Build you features from the bottom up

Saturday, August 8th, 2009

This should be a very important rule of thumb for every project but unfortunately it is not. I have seen many projects for which the “man with the idea” wants to build right from the start everything that ever comes in his mind. At some point in time he will probably ask the “technical people” if any of this is at all possible but he probably won’t take the advice and perhaps even more probably those people will avoid giving them that kind of advice. Anything must be possible otherwise the “money people” go to the people who will say it’s possible – it might turn out to be a bad deal for the “money people” in the end but who cares – not the “technical people” that’s for sure; and for the “money people” it’s already too late and after all they asked for it.

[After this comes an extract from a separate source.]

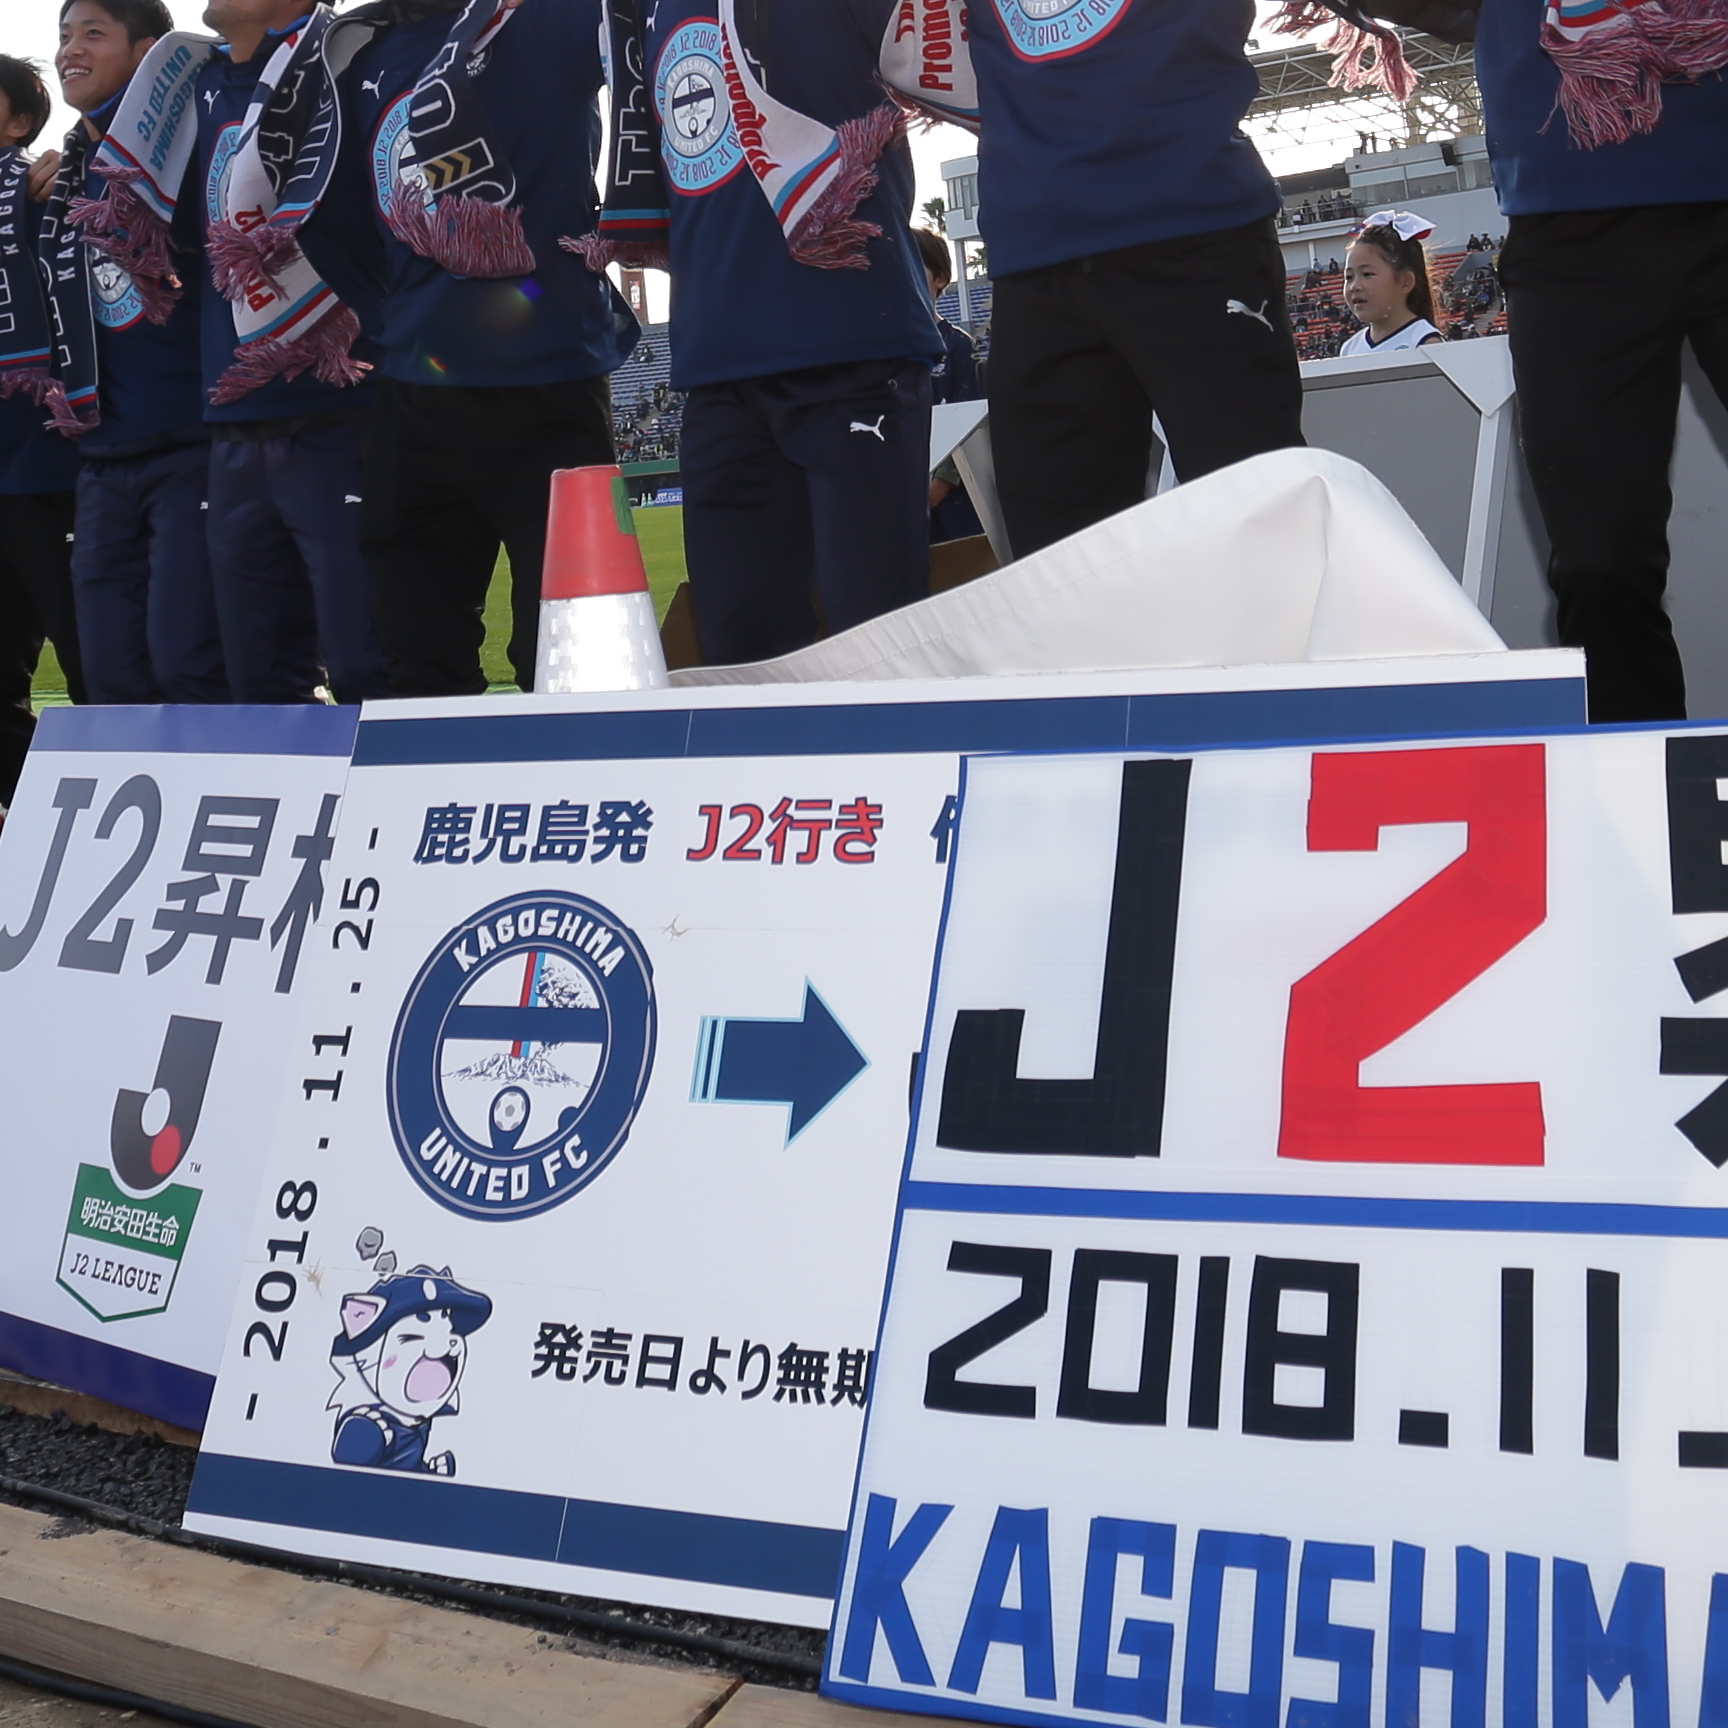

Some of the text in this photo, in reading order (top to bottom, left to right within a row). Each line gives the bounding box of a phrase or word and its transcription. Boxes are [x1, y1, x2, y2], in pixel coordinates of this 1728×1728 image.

So don’t ask for it. The most successful projects are built from very simple ideas and expanded with great features and sometimes even with more “sister-projects” that they wouldn’t even had dreamed of in day one. Take Google for example: they just built a search engine with virtually no “special features” at all: no complicated statistics, no fancy graphics, no image and video search and essentially no anything other than a simple but efficient search engine. Today they offer email services, application hosting, analytics and so on and so forth – you probably would know all their services better than me. On top of their services there are a number of other companies that offer services that could be offered by Google in the first place: take page thumbnails in web searches for example.
The Google story is very simple: come with a simple idea and make it real. In order to keep it real while it became very successful they had to build infrastructure and applications. Then they took this infrastructure and applications and they thought “what more can we do with it?” That’s how all their services came to life.

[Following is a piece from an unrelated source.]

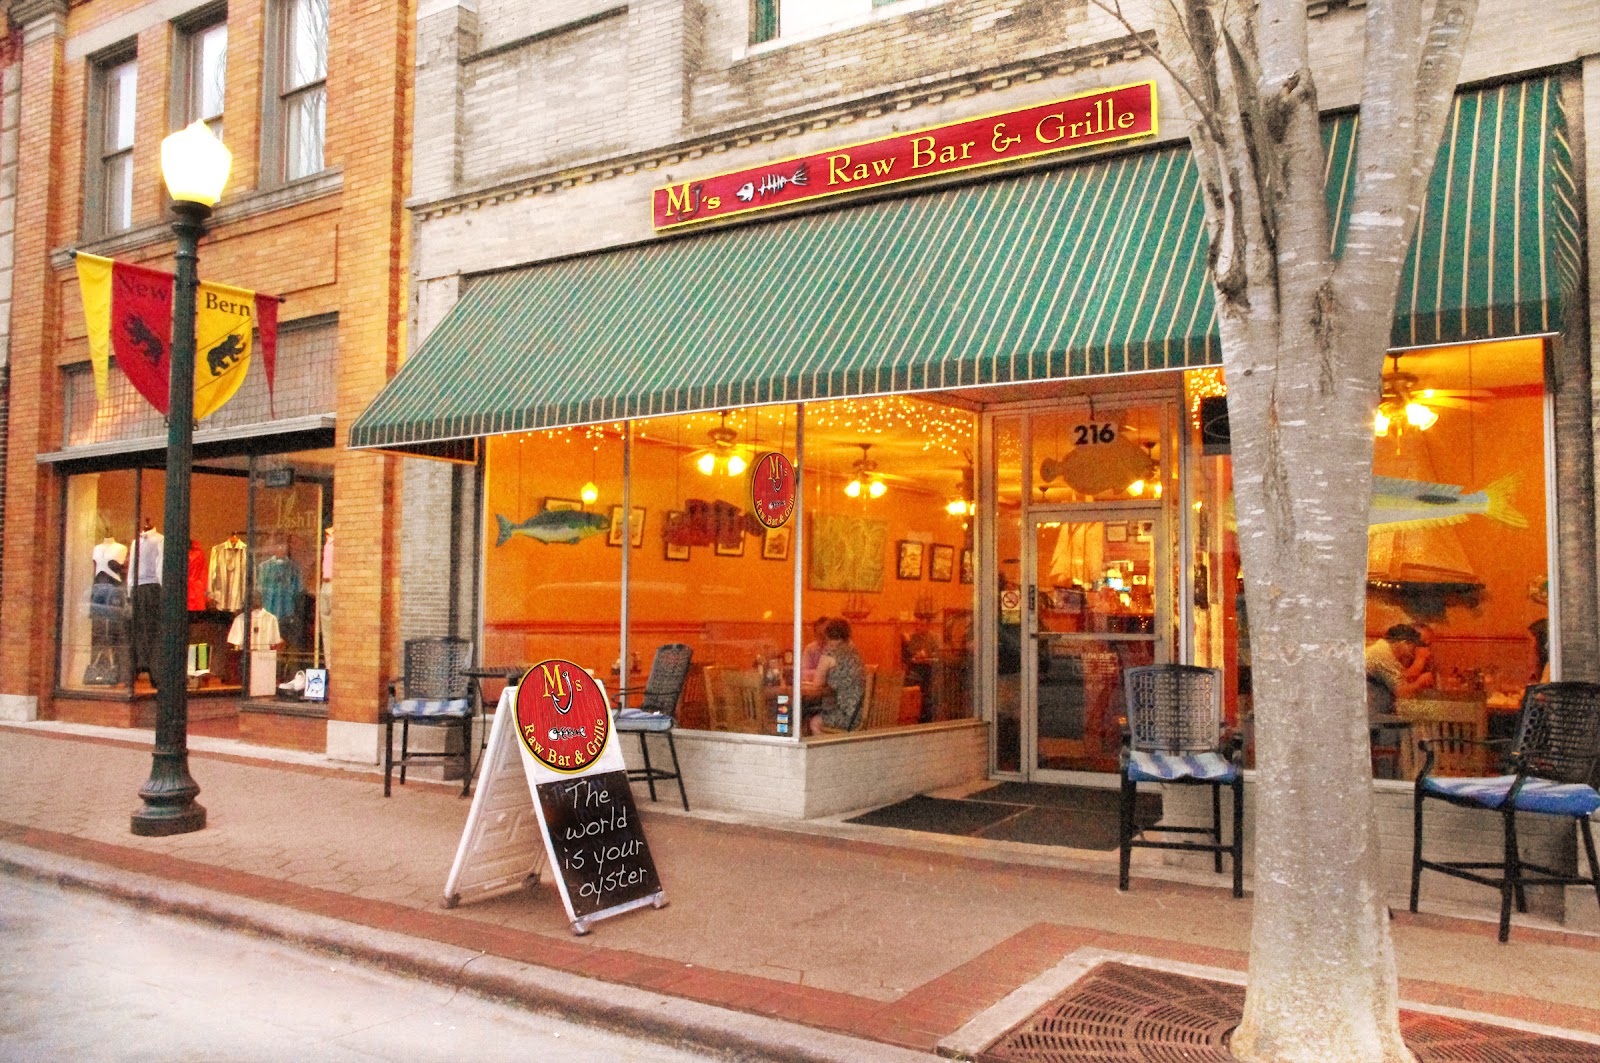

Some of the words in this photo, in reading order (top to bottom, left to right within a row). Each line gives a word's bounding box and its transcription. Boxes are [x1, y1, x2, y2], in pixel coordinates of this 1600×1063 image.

Take Google Analytics: they don’t show live traffic. Yet several projects I have worked for wanted their huge datasets to be aggregated in real time and in any way possible: live traffic, live statistics, live everything and for whatever keyword, field, condition the user could think of. Surely this is a great business model on paper – giving the user exactly what he wants and when he wants it. But only on paper: that’s why Google is big and those projects remain small.
Of course there are some other models for building projects and businesses. Like the Microsoft “market-oriented” model. But I’ll talk about those some other time.